Start of Data

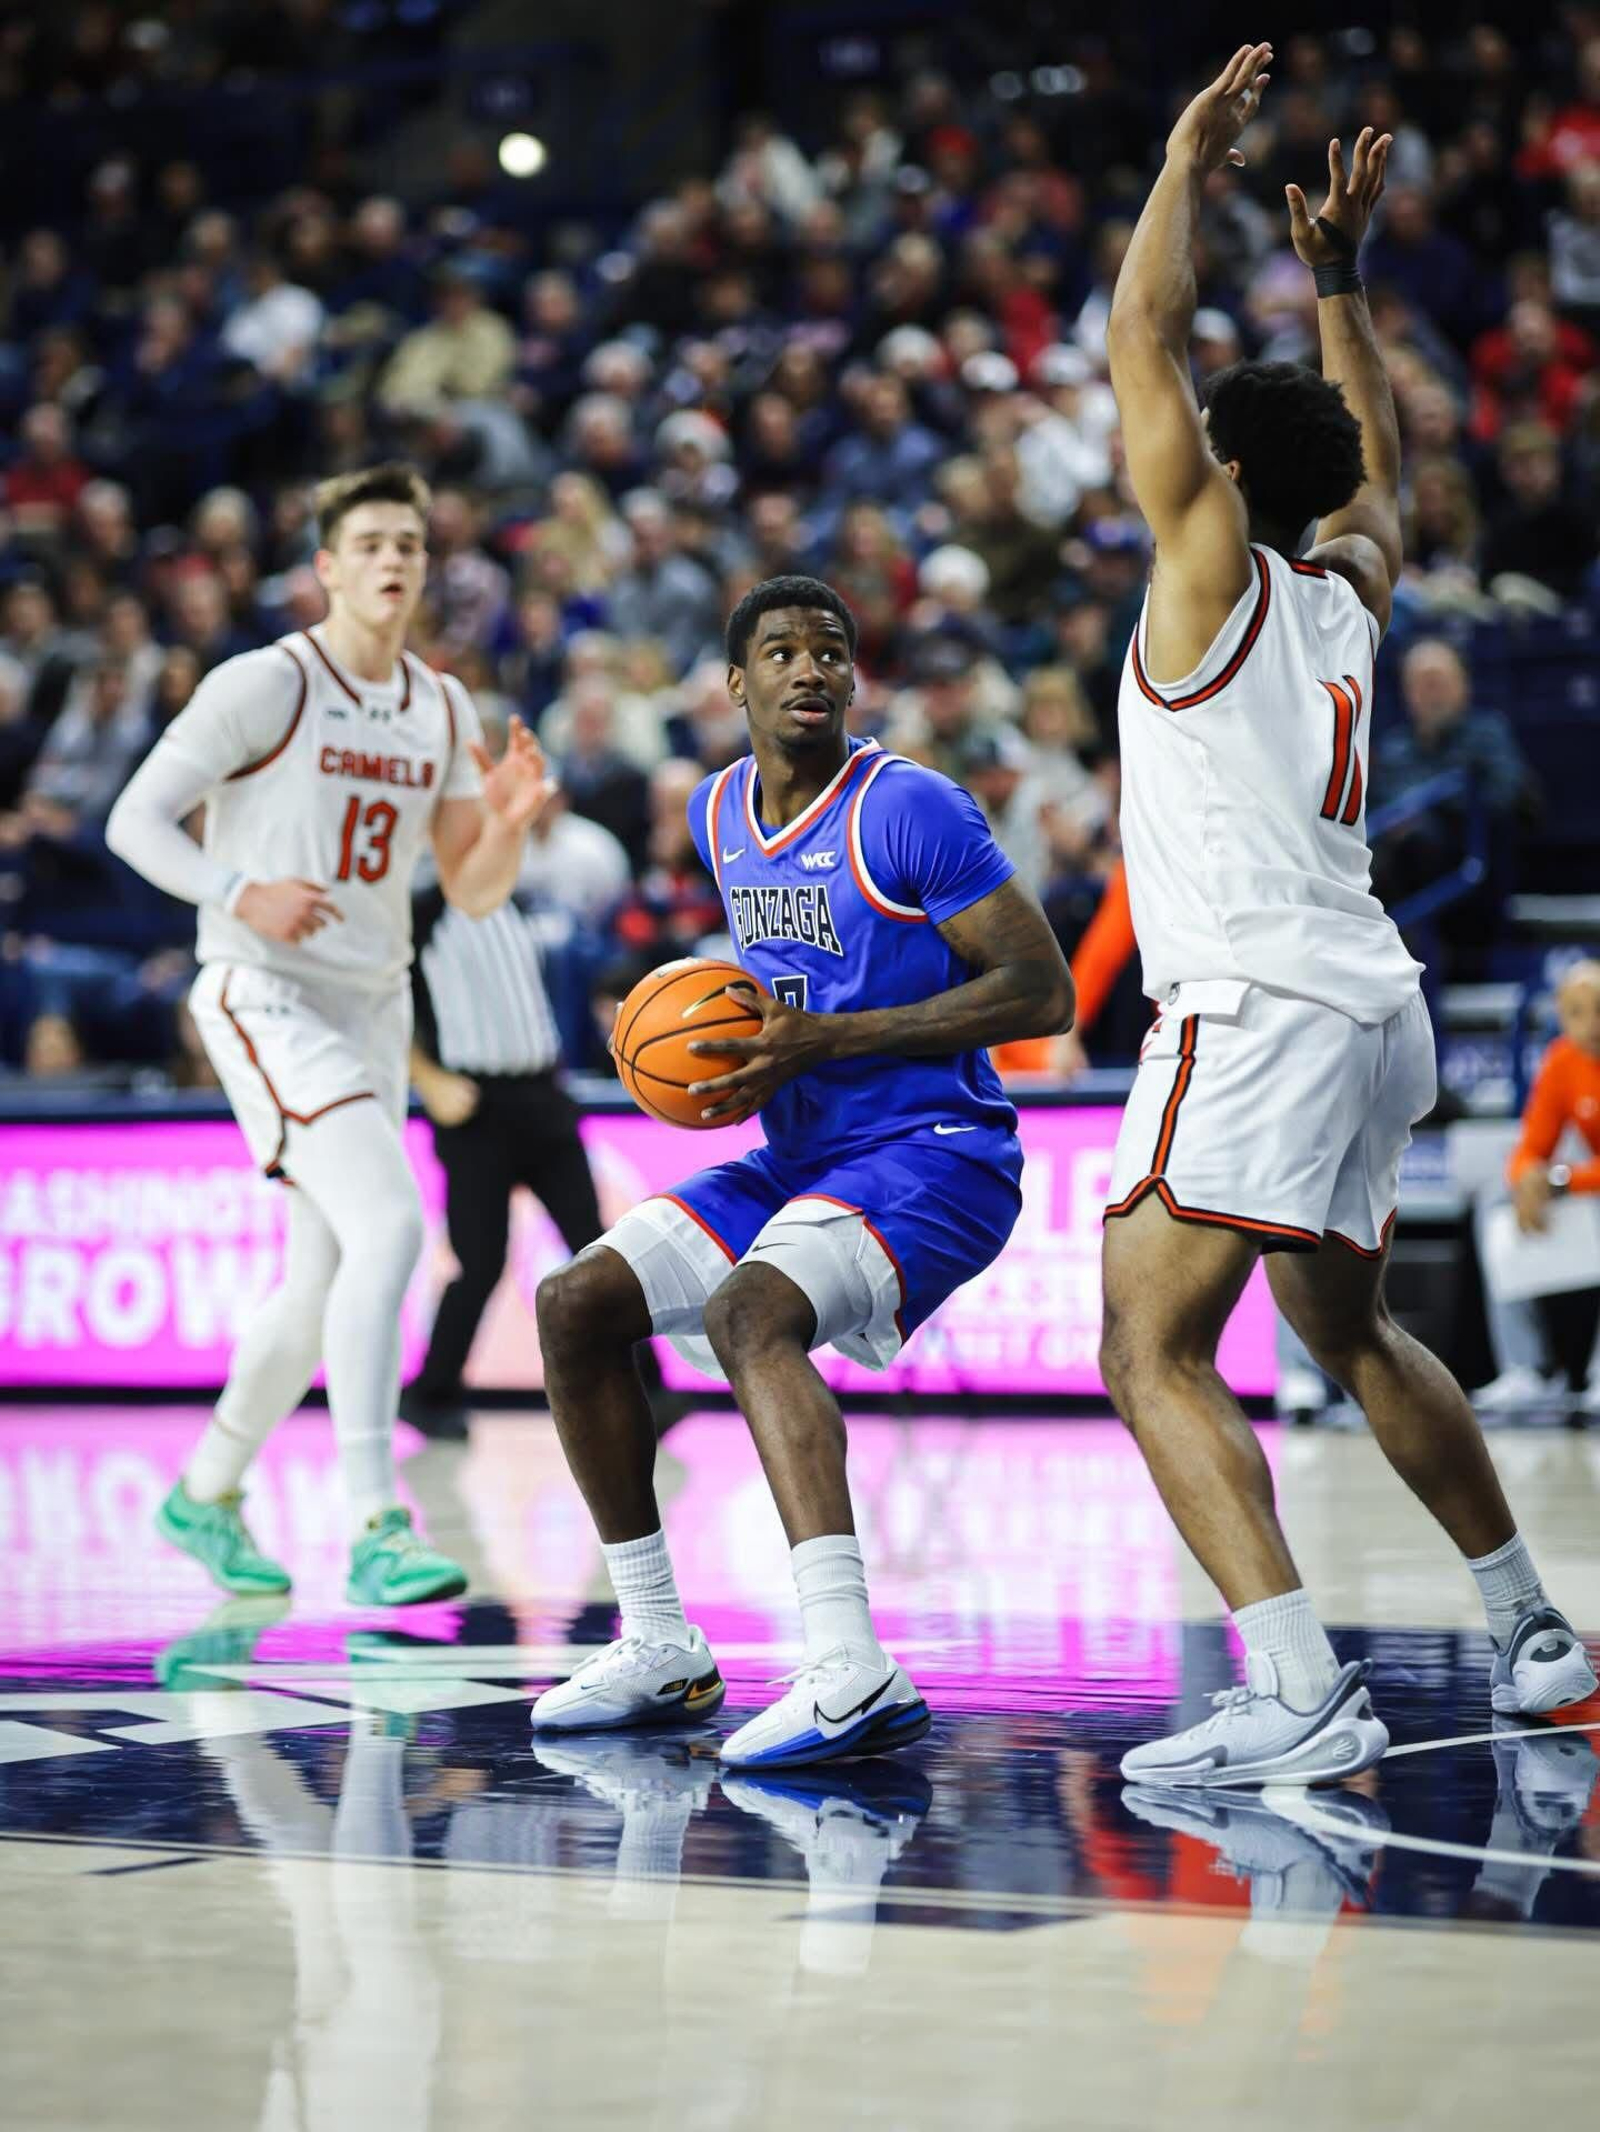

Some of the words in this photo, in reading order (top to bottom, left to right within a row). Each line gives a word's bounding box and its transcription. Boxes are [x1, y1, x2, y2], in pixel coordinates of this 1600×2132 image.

[319, 746, 435, 789] CAMELS
[1316, 674, 1363, 826] 11
[336, 794, 398, 884] 13
[800, 850, 836, 871] WCC
[729, 884, 844, 957] GONZAGA

End of Data

### What the exercise asks
Print the entries again exactly as they appear above. Do not print the pictures.

### Response to this task
Some of the words in this photo, in reading order (top to bottom, left to right within a row). Each line gives a word's bounding box and its transcription. Boxes are [x1, y1, x2, y2], in pixel coordinates of this 1600×2132 image.

[319, 746, 435, 789] CAMELS
[1316, 674, 1363, 826] 11
[336, 794, 398, 884] 13
[800, 850, 836, 871] WCC
[729, 884, 844, 957] GONZAGA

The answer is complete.